When the needle head slot mechanism moves along with the conveyor belt and approaches the aligning plate, the aligning plate acts on the aligning ring and rotates the needle head slot mechanism to the position where the slots are staggered with the blades below, after the sensor II senses the needle head slot mechanism and comes right above the needle stem separating mechanism, the conveying motor is stopped briefly and the needle taking motor is started to drive the reciprocating rod to do one-time reciprocating motion, then the conveying motor is restarted, and in the process, the pressing plate can press the upper part of the needle head to prevent the syringe from being ejected.

The beneficial effect that this scheme of adoption above-mentioned structure obtained is as follows:

(1) Compared with the prior art, the invention ensures that the placement and treatment of the abandoned syringes of the device can be simultaneously carried out by arranging the conveying mechanism which is fixedly provided with a plurality of needle slots and can circularly move along with the automatic destroying operation, thereby improving the treatment efficiency of the device.

(2) Compared with the prior art, the needle slot mechanism which is matched with the standard shape and the size of the syringe needle plug and can rotate along with the shape of the syringe needle plug to achieve the effects of quick insertion and fixation is arranged, so that the device can process various types of syringes, the application range is enlarged, and the application cost is saved.
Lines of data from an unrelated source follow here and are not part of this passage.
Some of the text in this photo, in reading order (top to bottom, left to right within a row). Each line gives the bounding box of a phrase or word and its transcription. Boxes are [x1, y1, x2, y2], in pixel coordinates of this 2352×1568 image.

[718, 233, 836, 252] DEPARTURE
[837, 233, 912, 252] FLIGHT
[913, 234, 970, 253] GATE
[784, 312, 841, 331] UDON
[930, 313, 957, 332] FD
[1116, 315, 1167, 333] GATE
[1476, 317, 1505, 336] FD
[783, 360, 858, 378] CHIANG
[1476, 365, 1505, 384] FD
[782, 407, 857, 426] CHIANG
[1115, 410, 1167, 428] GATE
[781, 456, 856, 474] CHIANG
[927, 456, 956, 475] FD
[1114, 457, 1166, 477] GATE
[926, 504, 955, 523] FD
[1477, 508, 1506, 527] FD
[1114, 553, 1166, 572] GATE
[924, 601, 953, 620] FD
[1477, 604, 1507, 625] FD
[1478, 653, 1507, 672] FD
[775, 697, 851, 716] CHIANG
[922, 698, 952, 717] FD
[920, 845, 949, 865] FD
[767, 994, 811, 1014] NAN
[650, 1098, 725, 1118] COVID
(3) Compared with the prior art, the needle stem separating mechanism is arranged to bend the needle stem and break the lower part of the needle bolt and pull out the needle stem, so that the plastic and the metal in the needle head are separated, and the subsequent recycling is facilitated.

Drawings

Fig. 1 is a schematic diagram of the overall structure of a harmless treatment device of a waste injector according to the present disclosure;

fig. 2 is a left side view of a harmless treatment apparatus for a waste syringe according to the present embodiment;

FIG. 3 is a perspective view of the needle stem separating mechanism in this embodiment;

FIG. 4 is a right side view of the needle stem separating mechanism in this embodiment;

FIG. 5 is a partial cross-sectional view of A-A of FIG. 4;

FIG. 6 is an enlarged schematic view at B of FIG. 5;

FIG. 7 is a semi-cutaway perspective view of FIG. 5;

FIG. 8 is a perspective view of the needle insertion mechanism of the present embodiment;

FIG. 9 is a half cross-sectional view of the needle insertion mechanism of the present embodiment;

fig. 10 is a perspective view of a transfer mechanism in accordance with the present invention.

Wherein 1, conveying mechanism, 2, needle slot mechanism, 3, needle stalk separating mechanism, 4, plastic crushing and sterilizing mechanism, 5, needle stalk sterilizing mechanism, 11, conveying motor, 12, conveying belt bracket, 13, driving rotating shaft, 14, driving wheel, 15, driven shaft, 16, driven wheel, 17, conveying belt, 18, opposite side support, 21, slot bottom plate, 22, slot, 23, aligning ring, 24, sensor one, 25, slot supporting block, 31, power mechanism, 311, power mechanism housing, 312, needle taking motor, 313, reciprocating gear, 314, reciprocating rod, 32, curved needle mechanism, 321, curved needle mechanism housing, 322, lifting table, 323, curved needle plate, 324, needle plate, 33, needle breaking mechanism, 331, needle breaking mechanism sleeve, 332, needle inlet 333, blade table, 334, blade, 335, micro driving rod one, 336, micro driving rod two, 337, micro spring, 338, connecting ring, 34, and position response mechanism, 341, sensor two, 342, aligning plate, pressing plate, and aligning plate.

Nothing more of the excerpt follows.